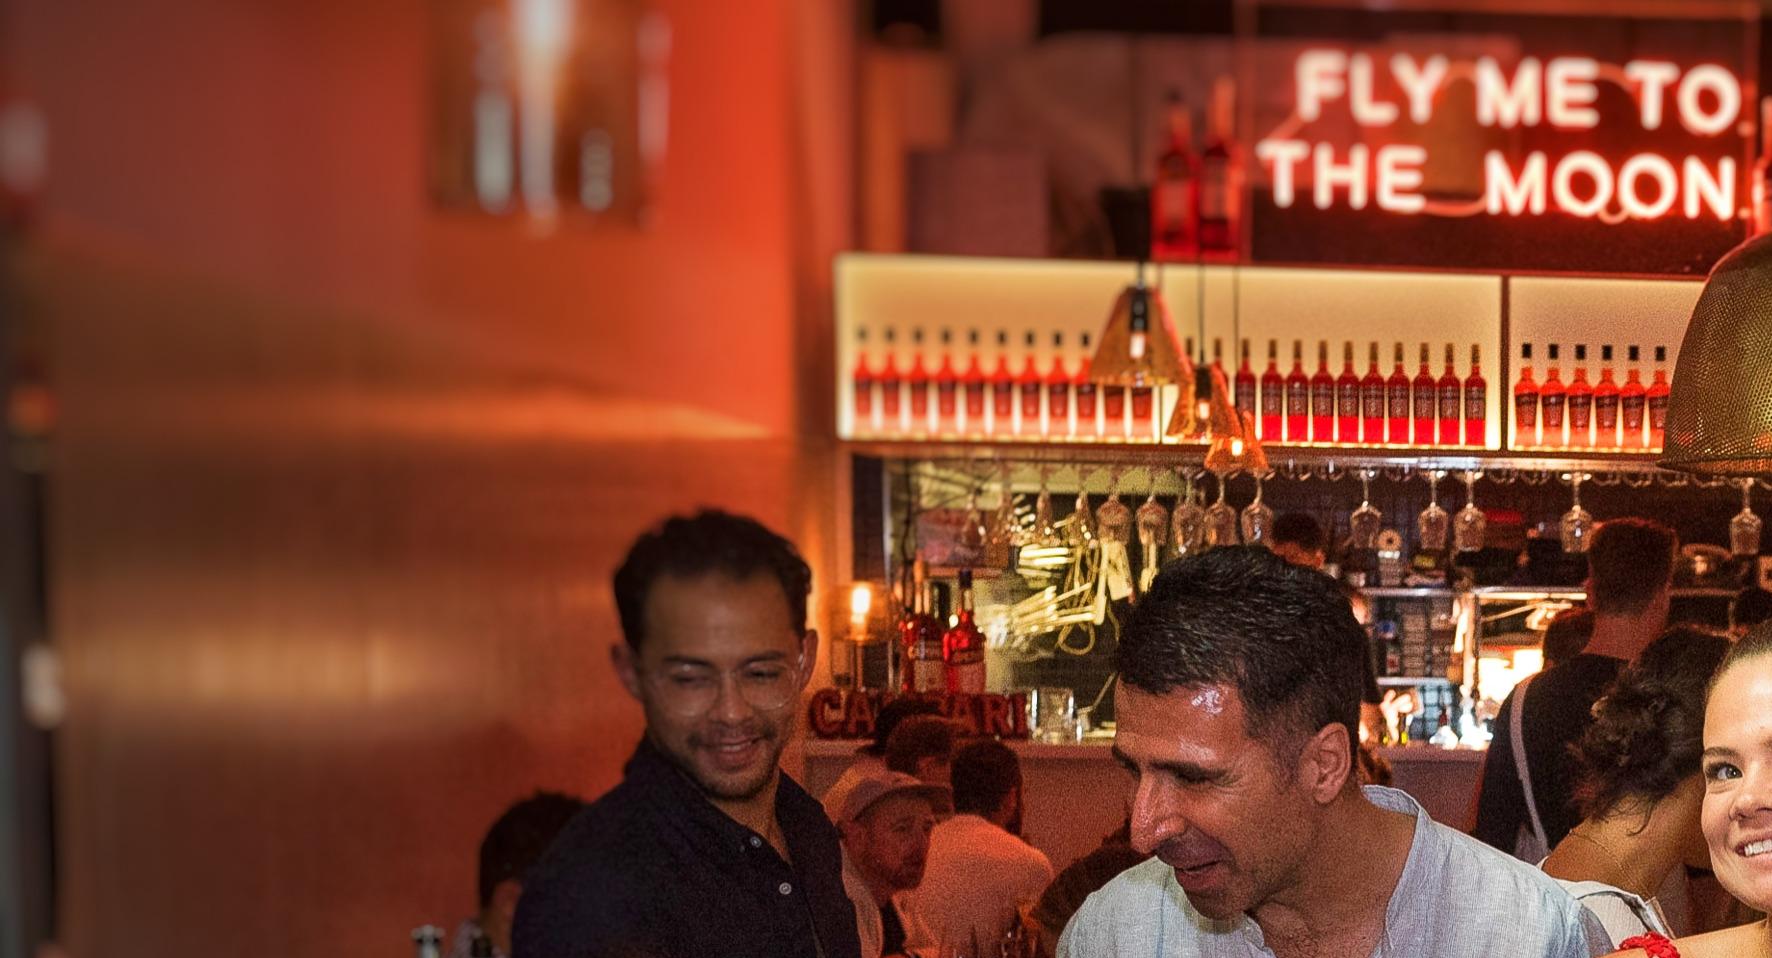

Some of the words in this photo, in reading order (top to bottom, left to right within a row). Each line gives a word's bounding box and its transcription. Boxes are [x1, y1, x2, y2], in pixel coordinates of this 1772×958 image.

[1295, 48, 1449, 125] FLY
[1475, 55, 1602, 128] ME
[1256, 138, 1428, 213] THE
[809, 688, 1029, 739] CAARI

+ + +

Give the entries again word for word, but skip the pictures.

▶ _EXPECTED ANSWER_
Some of the words in this photo, in reading order (top to bottom, left to right within a row). Each line gives a word's bounding box and its transcription. Boxes are [x1, y1, x2, y2], in pixel coordinates of this 1772×958 image.

[1295, 48, 1449, 125] FLY
[1475, 55, 1602, 128] ME
[1256, 138, 1428, 213] THE
[809, 688, 1029, 739] CAARI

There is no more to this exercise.